[Start of section]

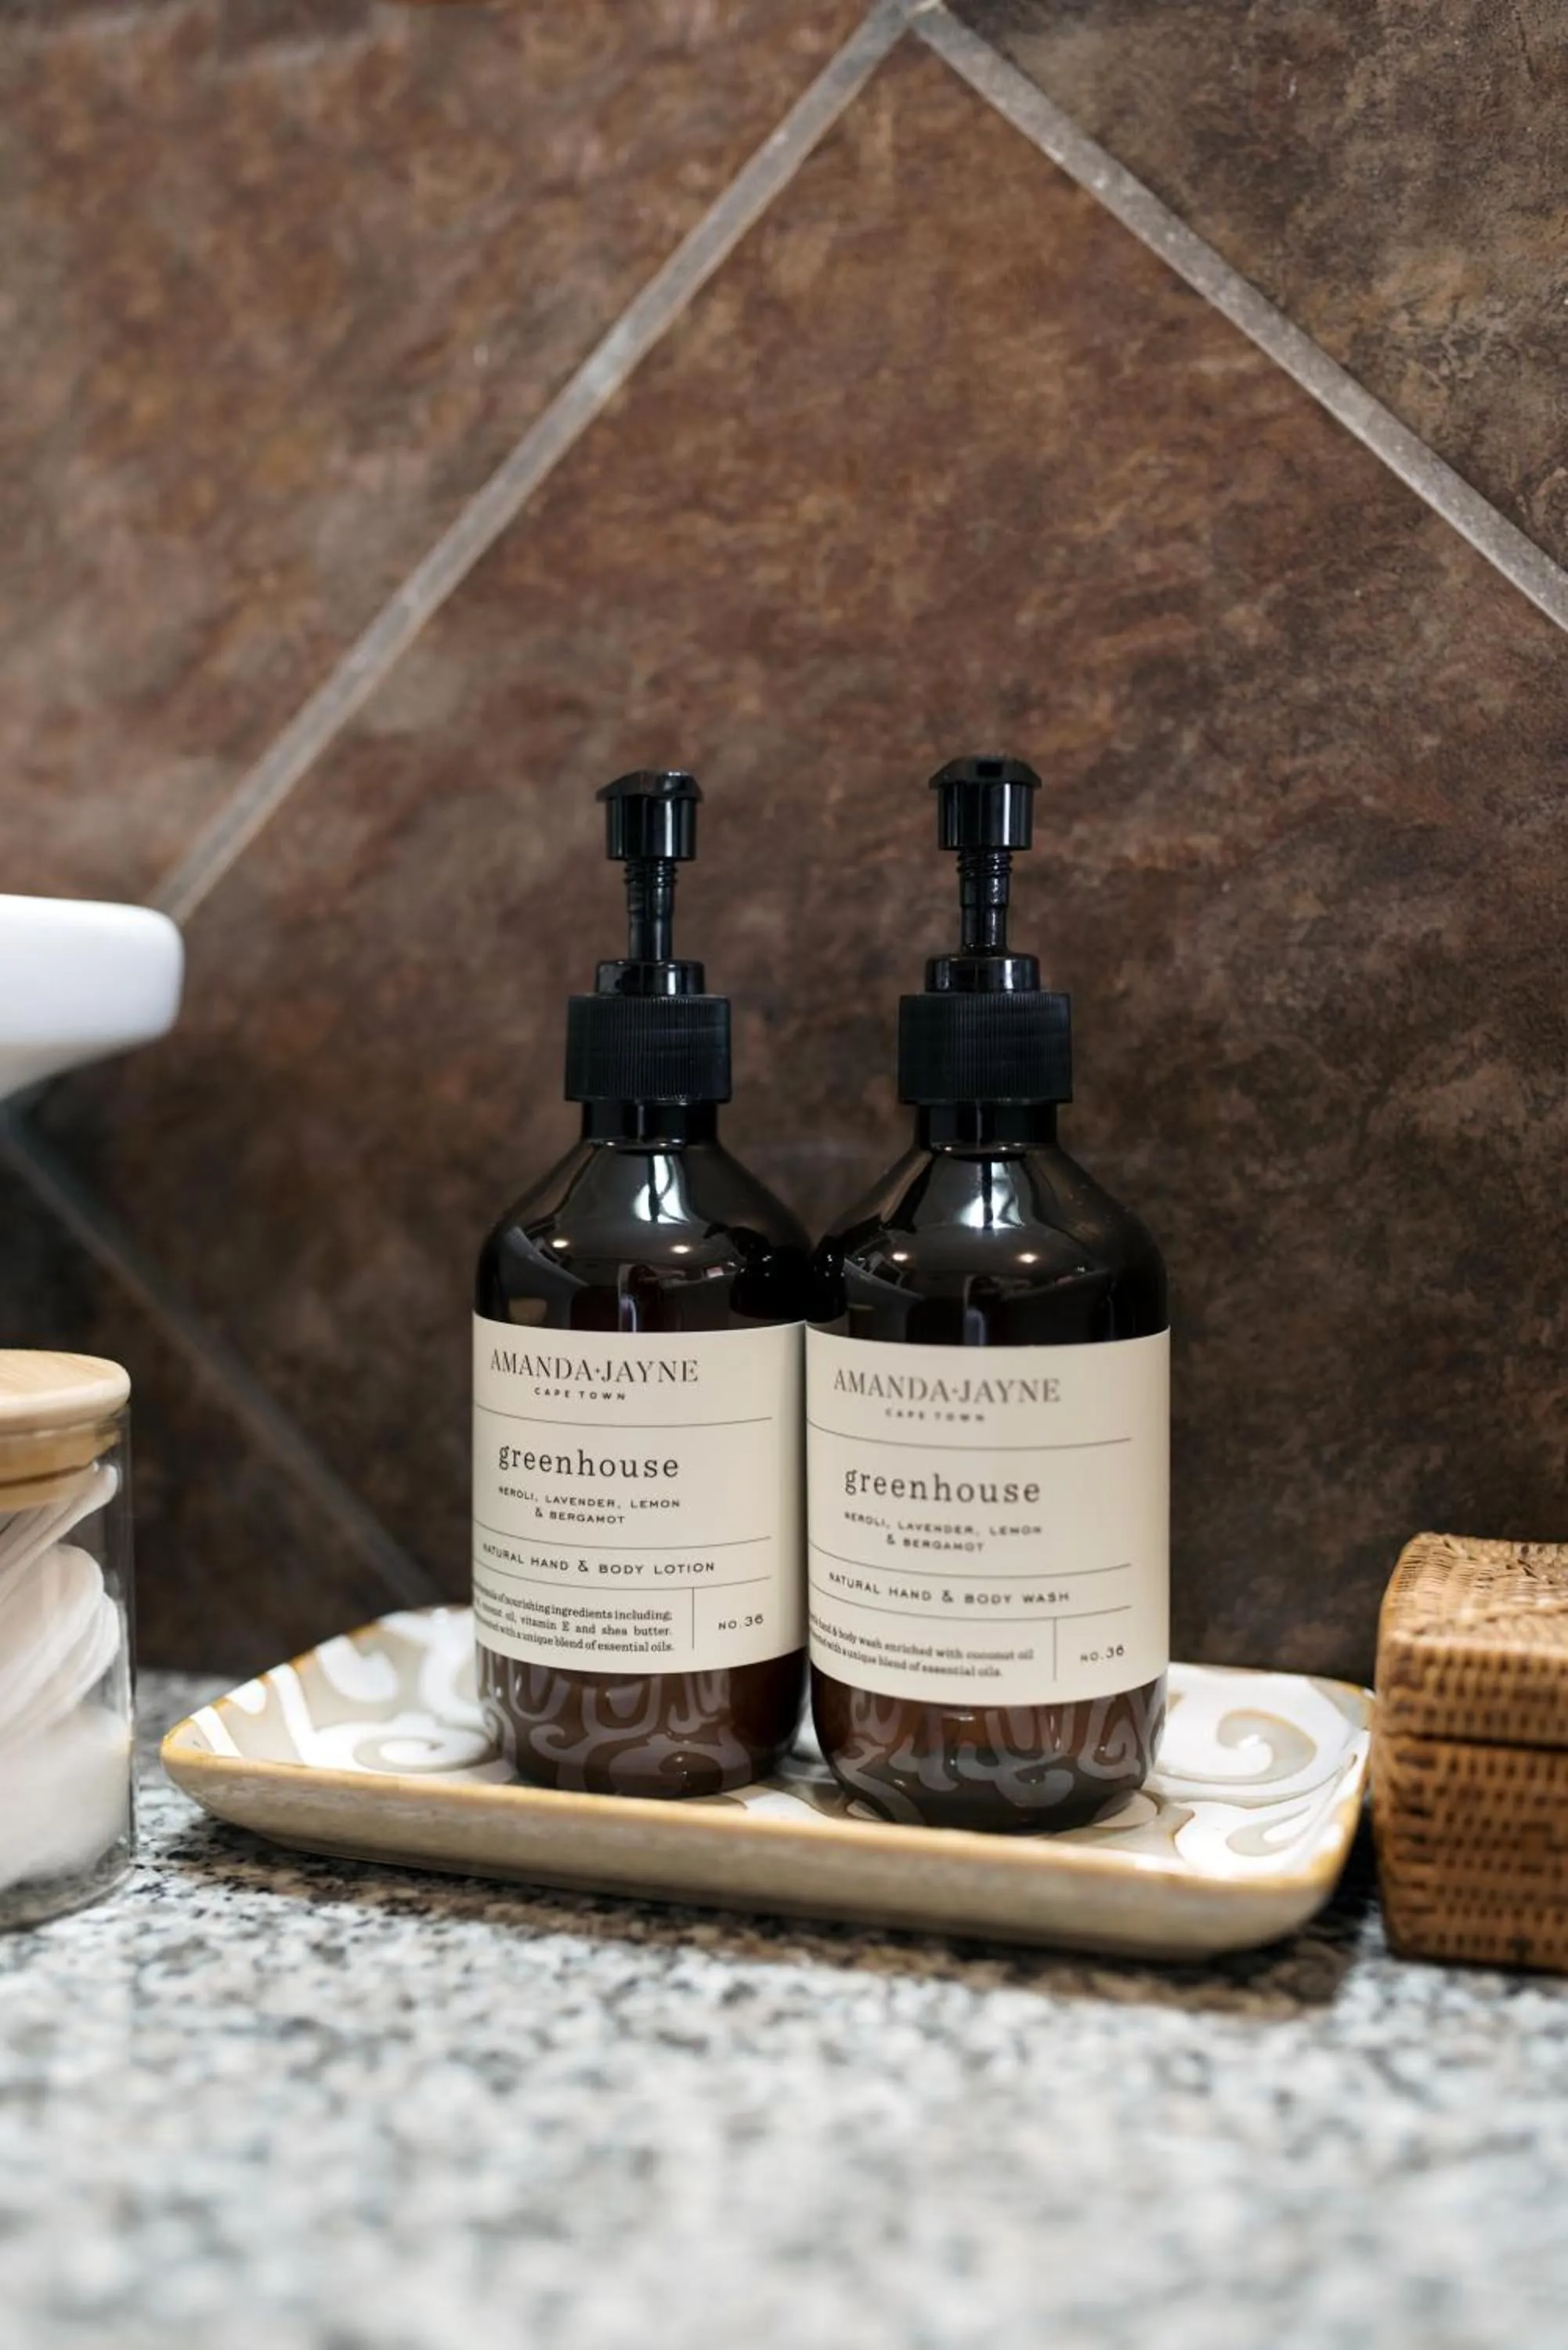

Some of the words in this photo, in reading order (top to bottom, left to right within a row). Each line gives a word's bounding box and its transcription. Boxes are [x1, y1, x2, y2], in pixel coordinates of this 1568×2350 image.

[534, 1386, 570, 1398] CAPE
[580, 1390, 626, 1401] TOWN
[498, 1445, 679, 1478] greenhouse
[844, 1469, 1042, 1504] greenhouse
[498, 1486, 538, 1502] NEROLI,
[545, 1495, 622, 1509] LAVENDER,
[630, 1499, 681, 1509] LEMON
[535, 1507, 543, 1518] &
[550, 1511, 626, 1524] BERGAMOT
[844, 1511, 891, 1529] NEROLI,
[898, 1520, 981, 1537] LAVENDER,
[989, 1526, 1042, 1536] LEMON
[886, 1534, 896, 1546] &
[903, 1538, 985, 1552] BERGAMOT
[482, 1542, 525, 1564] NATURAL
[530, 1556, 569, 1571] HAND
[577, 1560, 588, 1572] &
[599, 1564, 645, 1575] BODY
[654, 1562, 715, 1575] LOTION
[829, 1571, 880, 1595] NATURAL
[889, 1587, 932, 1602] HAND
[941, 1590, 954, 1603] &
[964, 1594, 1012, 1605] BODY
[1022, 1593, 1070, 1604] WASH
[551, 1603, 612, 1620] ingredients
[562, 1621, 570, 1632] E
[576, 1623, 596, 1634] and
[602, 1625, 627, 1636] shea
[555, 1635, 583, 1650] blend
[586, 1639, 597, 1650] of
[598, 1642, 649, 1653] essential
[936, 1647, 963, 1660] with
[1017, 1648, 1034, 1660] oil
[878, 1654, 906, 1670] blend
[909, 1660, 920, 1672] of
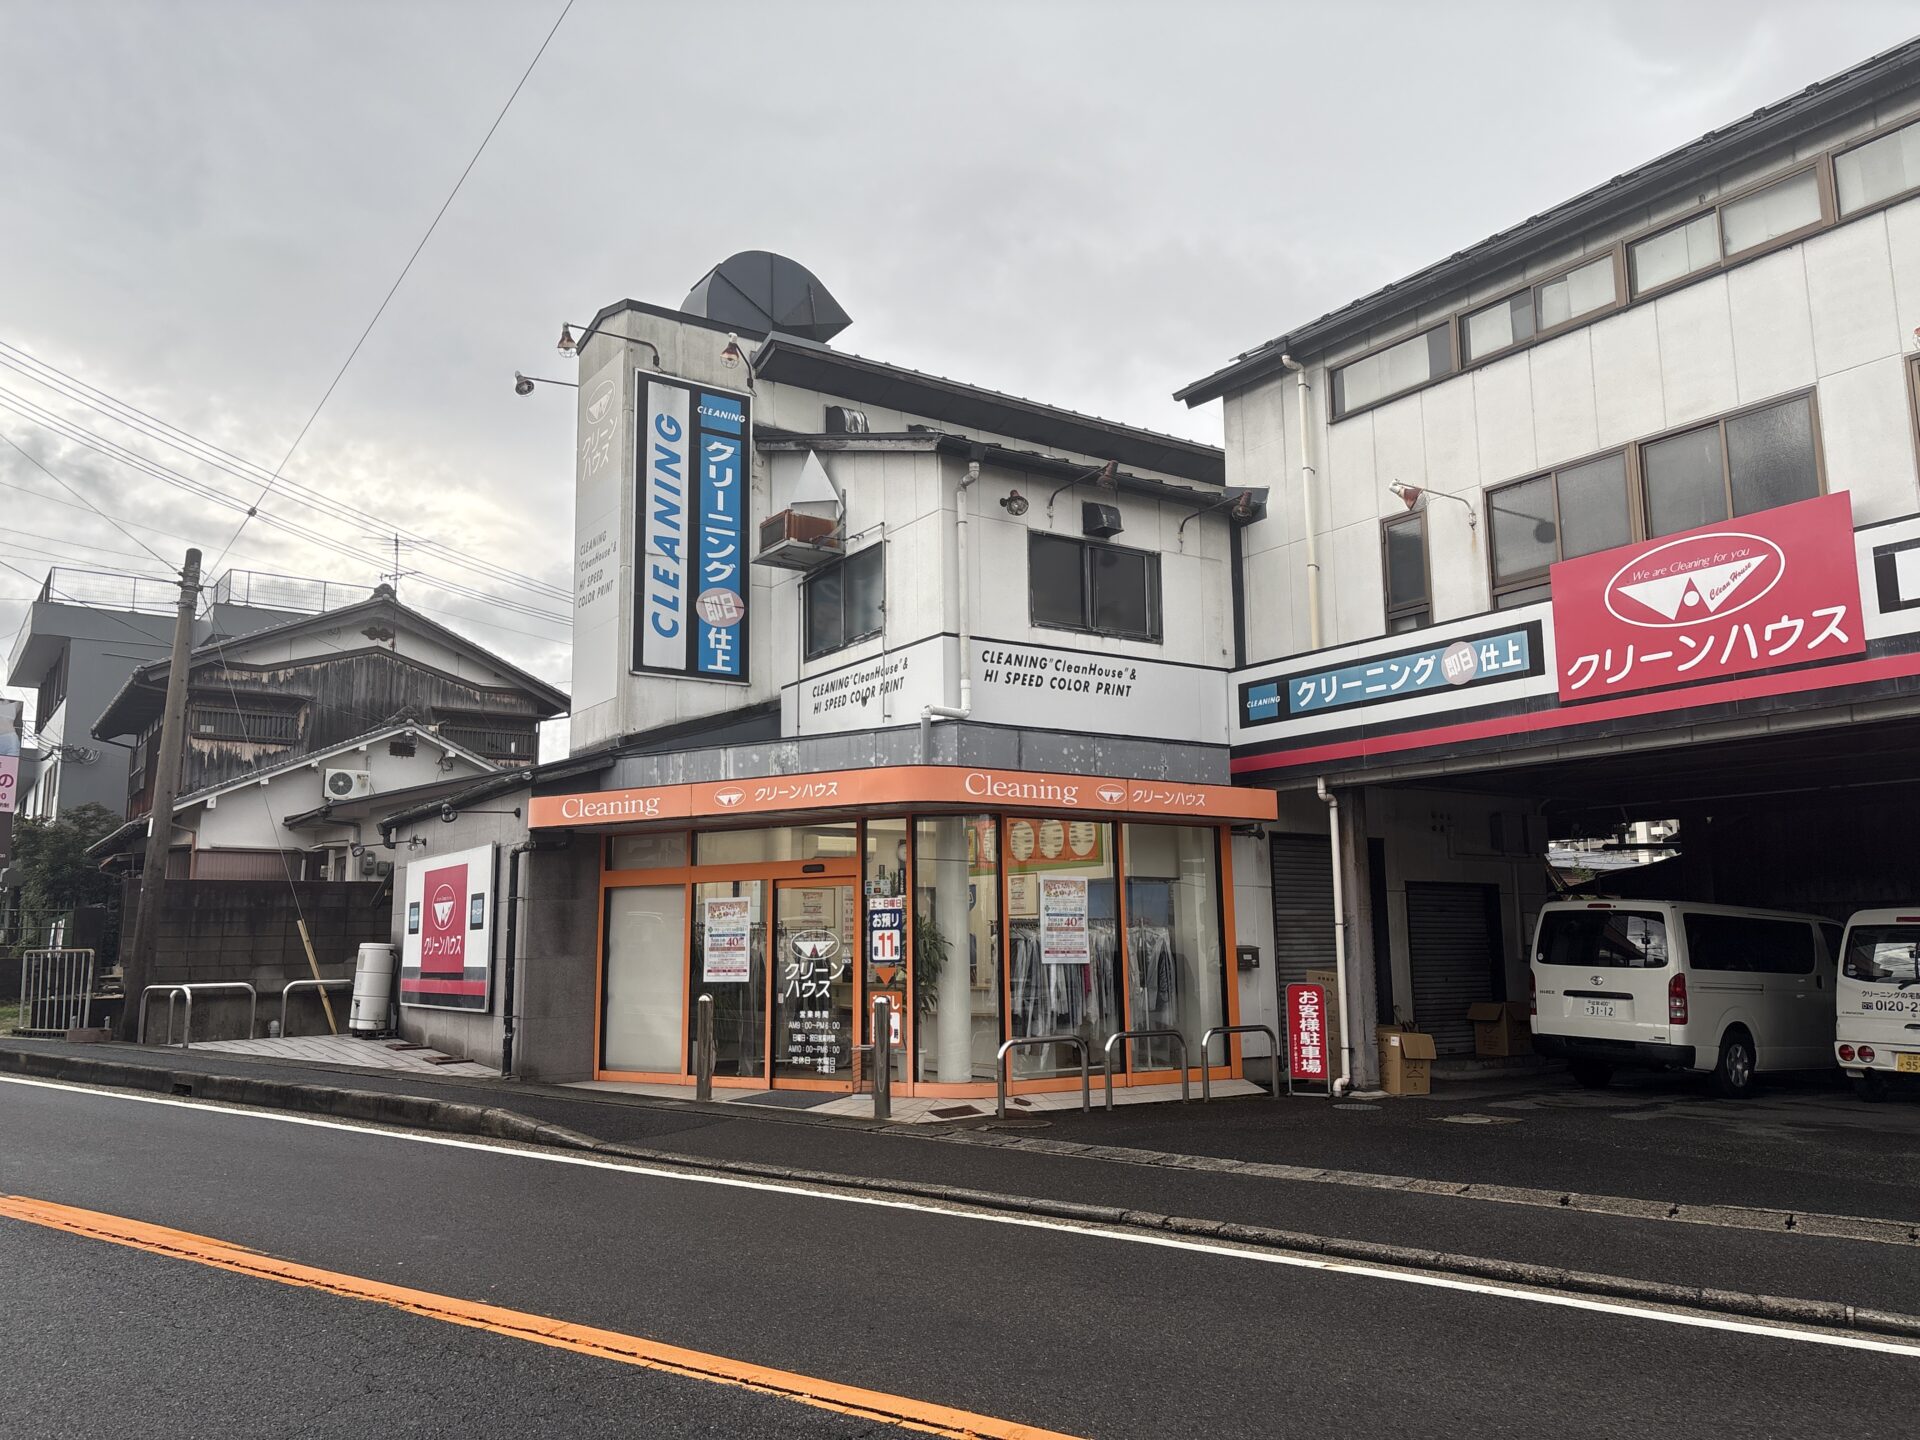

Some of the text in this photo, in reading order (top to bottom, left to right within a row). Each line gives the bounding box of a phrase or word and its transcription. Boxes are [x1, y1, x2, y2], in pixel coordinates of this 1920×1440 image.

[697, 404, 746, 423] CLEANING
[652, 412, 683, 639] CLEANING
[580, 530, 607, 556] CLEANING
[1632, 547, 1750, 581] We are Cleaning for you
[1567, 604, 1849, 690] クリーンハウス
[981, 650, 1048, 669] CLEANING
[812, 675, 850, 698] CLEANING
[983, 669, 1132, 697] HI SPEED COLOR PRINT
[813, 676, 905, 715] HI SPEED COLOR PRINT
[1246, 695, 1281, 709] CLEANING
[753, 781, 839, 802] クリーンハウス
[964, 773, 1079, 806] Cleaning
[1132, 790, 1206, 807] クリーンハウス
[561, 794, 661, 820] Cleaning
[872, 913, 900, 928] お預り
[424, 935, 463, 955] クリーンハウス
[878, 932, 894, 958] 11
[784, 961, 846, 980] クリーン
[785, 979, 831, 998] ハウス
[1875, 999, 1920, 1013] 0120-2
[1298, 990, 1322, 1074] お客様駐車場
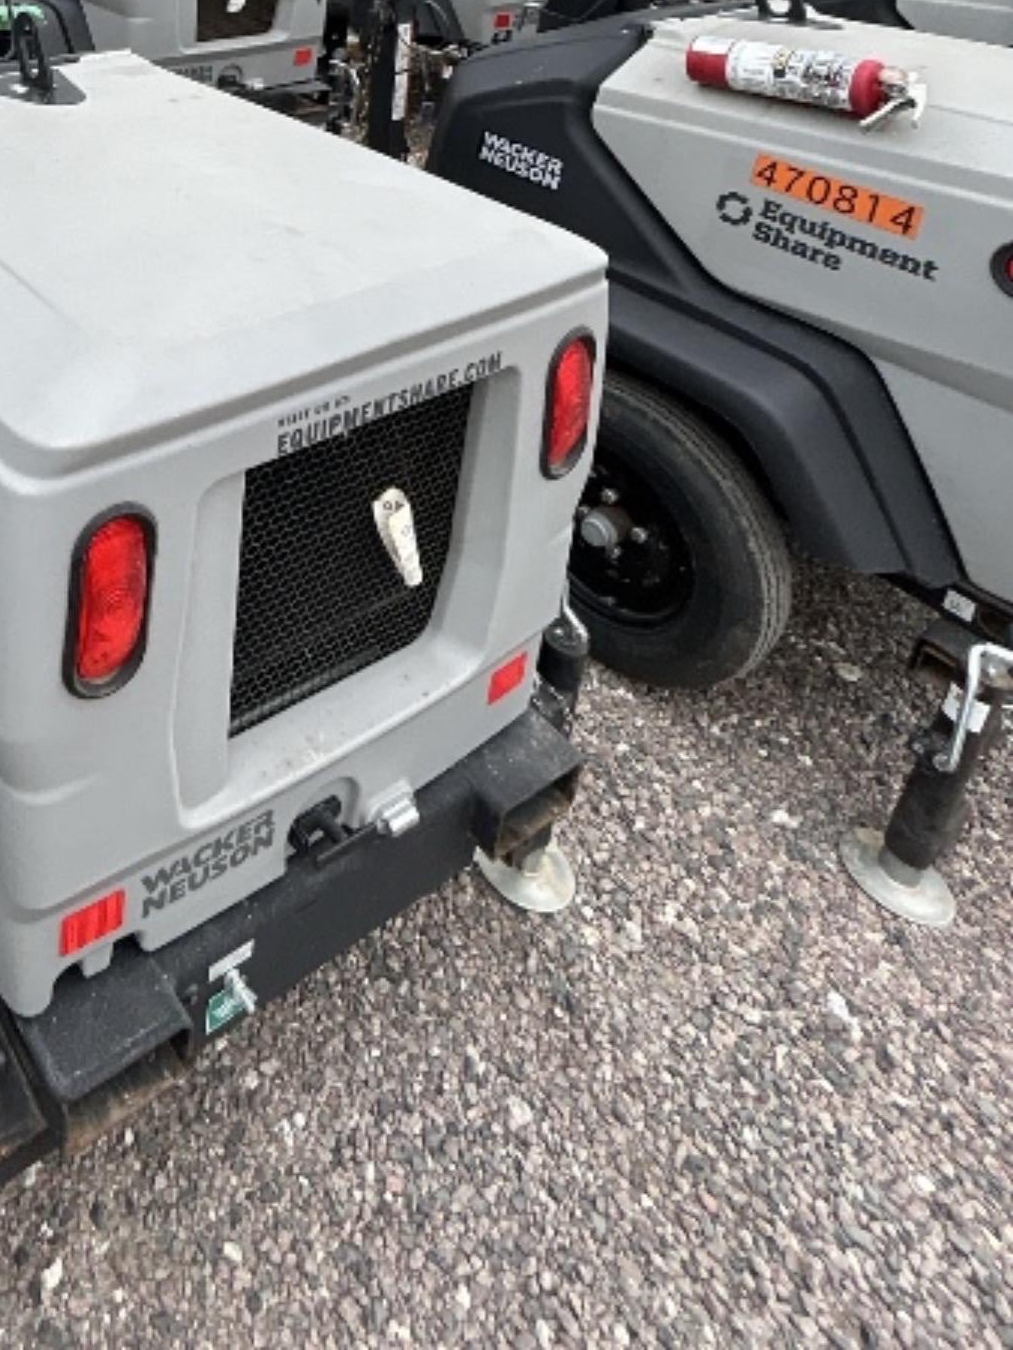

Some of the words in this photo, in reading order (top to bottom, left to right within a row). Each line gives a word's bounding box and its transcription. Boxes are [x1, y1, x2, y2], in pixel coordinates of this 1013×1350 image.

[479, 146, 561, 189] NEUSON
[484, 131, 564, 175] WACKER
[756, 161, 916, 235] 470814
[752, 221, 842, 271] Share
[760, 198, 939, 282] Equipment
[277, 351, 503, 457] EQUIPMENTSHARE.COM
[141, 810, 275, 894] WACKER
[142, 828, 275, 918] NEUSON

[End of section]

TO DO -
Copy out, unchanged, the span of lines beginning with the one that includes "Some of the text" and running through the final line of the material above. Leave the pictures out.

OUTPUT BELOW -
Some of the text in this photo, in reading order (top to bottom, left to right within a row). Each line gives the bounding box of a phrase or word and its transcription. Boxes are [x1, y1, x2, y2], in pixel coordinates of this 1920×1440 image.

[697, 404, 746, 423] CLEANING
[652, 412, 683, 639] CLEANING
[580, 530, 607, 556] CLEANING
[1632, 547, 1750, 581] We are Cleaning for you
[1567, 604, 1849, 690] クリーンハウス
[981, 650, 1048, 669] CLEANING
[812, 675, 850, 698] CLEANING
[983, 669, 1132, 697] HI SPEED COLOR PRINT
[813, 676, 905, 715] HI SPEED COLOR PRINT
[1246, 695, 1281, 709] CLEANING
[753, 781, 839, 802] クリーンハウス
[964, 773, 1079, 806] Cleaning
[1132, 790, 1206, 807] クリーンハウス
[561, 794, 661, 820] Cleaning
[872, 913, 900, 928] お預り
[424, 935, 463, 955] クリーンハウス
[878, 932, 894, 958] 11
[784, 961, 846, 980] クリーン
[785, 979, 831, 998] ハウス
[1875, 999, 1920, 1013] 0120-2
[1298, 990, 1322, 1074] お客様駐車場

Some of the words in this photo, in reading order (top to bottom, left to right within a row). Each line gives a word's bounding box and its transcription. Boxes are [x1, y1, x2, y2], in pixel coordinates of this 1013×1350 image.

[479, 146, 561, 189] NEUSON
[484, 131, 564, 175] WACKER
[756, 161, 916, 235] 470814
[752, 221, 842, 271] Share
[760, 198, 939, 282] Equipment
[277, 351, 503, 457] EQUIPMENTSHARE.COM
[141, 810, 275, 894] WACKER
[142, 828, 275, 918] NEUSON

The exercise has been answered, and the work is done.